Defendants move under Rule 12(c) and Rule 12(b) (6), F.R.C.P., to dismiss for failure to state a claim upon which relief can be granted, or for judgment on the pleadings. They also move to dismiss the "Second" through "Fifth" counts for want of subject matter jurisdiction, Rule 12(b) (1), F.R.C.P. Defendant Mages further moves pursuant to Rule 12(b) (2) and (5) to dismiss the Second through Fifth counts or, in the alternative to quash service on these counts on the ground that the court lacks personal jurisdiction over him.
The complaint alleges the following:
Livingston and Swearengen, "with the consent and approval of Mages," delivered a speech in New York City on or about February 12, 1965, before the New York Society of Security Analysts. The purpose was to induce securities dealers to promote the sale of the Company's stock. The speech estimated that the Company's total income for the years 1964-1965 would exceed ten million dollars, cash flow would approximate six million dollars and net income would be $3,500,000 or about double the income for the first six months. The net income prediction was subject to reduction in case of acquisitions. The figures upon which these predictions were based were prepared by and presented to Livingston and Swearengen by defendant Peat.
Defendants "knowingly and intentionally, with intent to deceive" failed to disclose in the speech that Peat had underestimated the provision for depletion and depreciation for the first six months of the fiscal year 1964-1965 and that as a result the Company showed greatly reduced rather than greatly increased net profits, as had been predicted and the cash flow was significantly reduced rather than improved.

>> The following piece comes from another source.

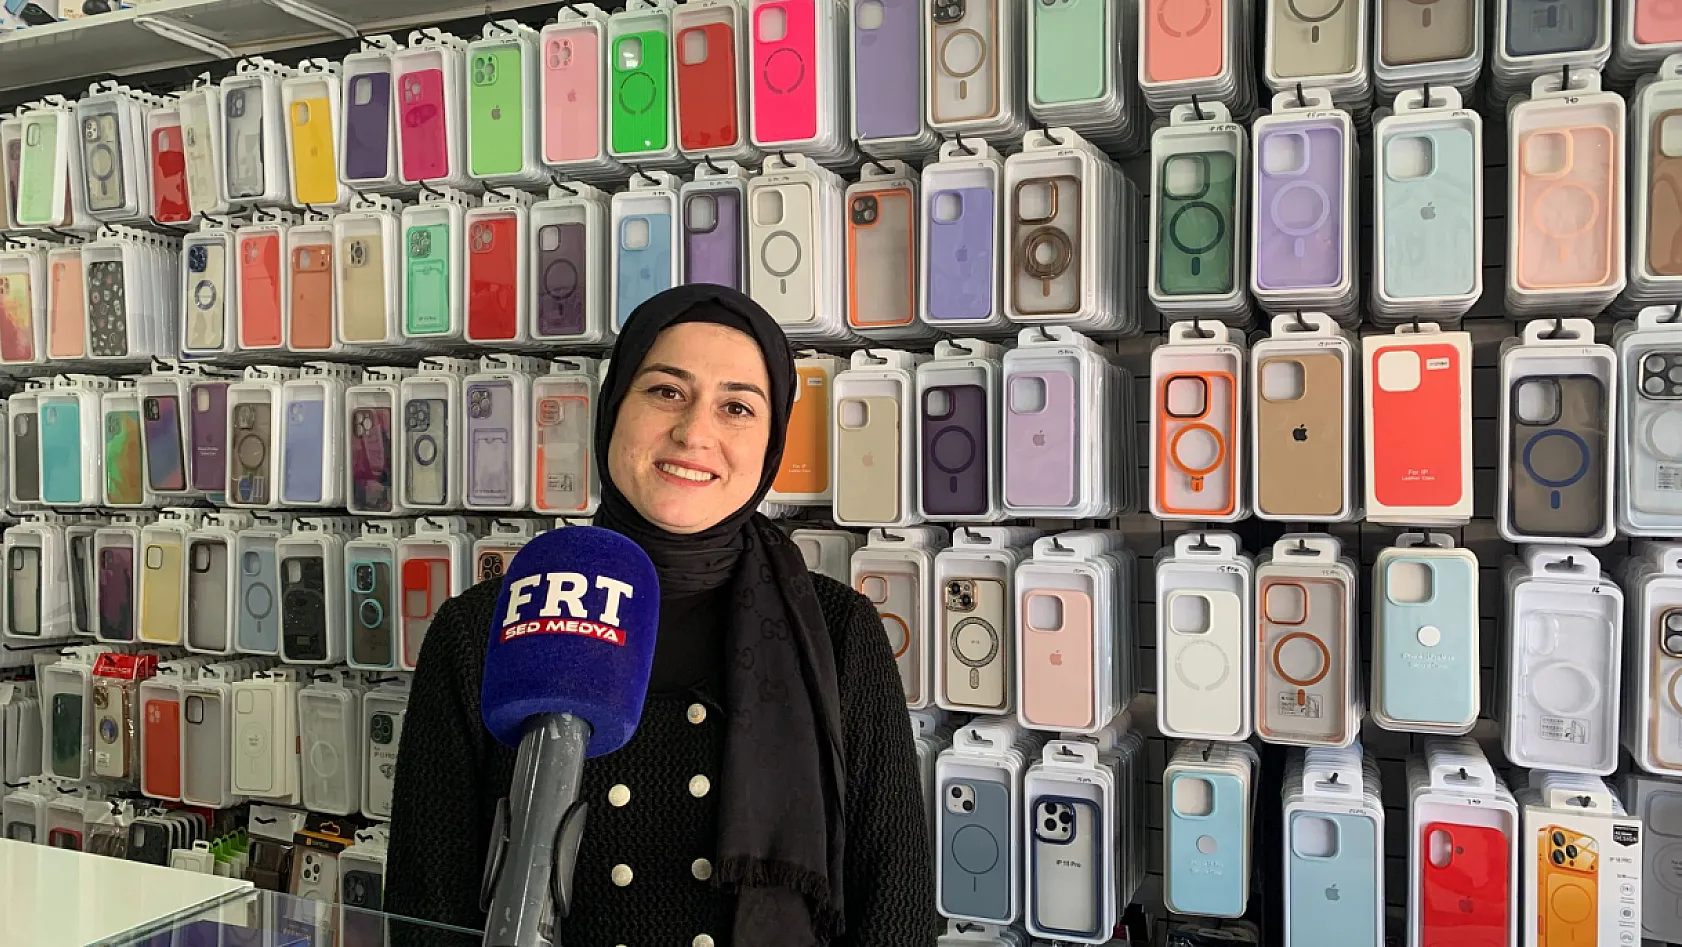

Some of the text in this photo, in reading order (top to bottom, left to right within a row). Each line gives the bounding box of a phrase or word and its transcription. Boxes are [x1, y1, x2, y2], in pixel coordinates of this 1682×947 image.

[502, 572, 633, 627] FRT
[505, 619, 619, 643] SED MEDYA

The publication, on April 23, 1965, of the Nine Month Report with the actual figures precipitated a drop in the market price of the stock. During the period between February 12, 1965 and April 23, 1965, plaintiffs "purchased and/or failed to sell, the shares of the Corporation's common stock, as the case may be" in reliance on the predictions made in the February 12, 1965 speech.
DeWitt, a public relations firm, was employed by the Company to distribute copies of the speech to shareholders and others in order to induce them to retain and encourage them to purchase shares.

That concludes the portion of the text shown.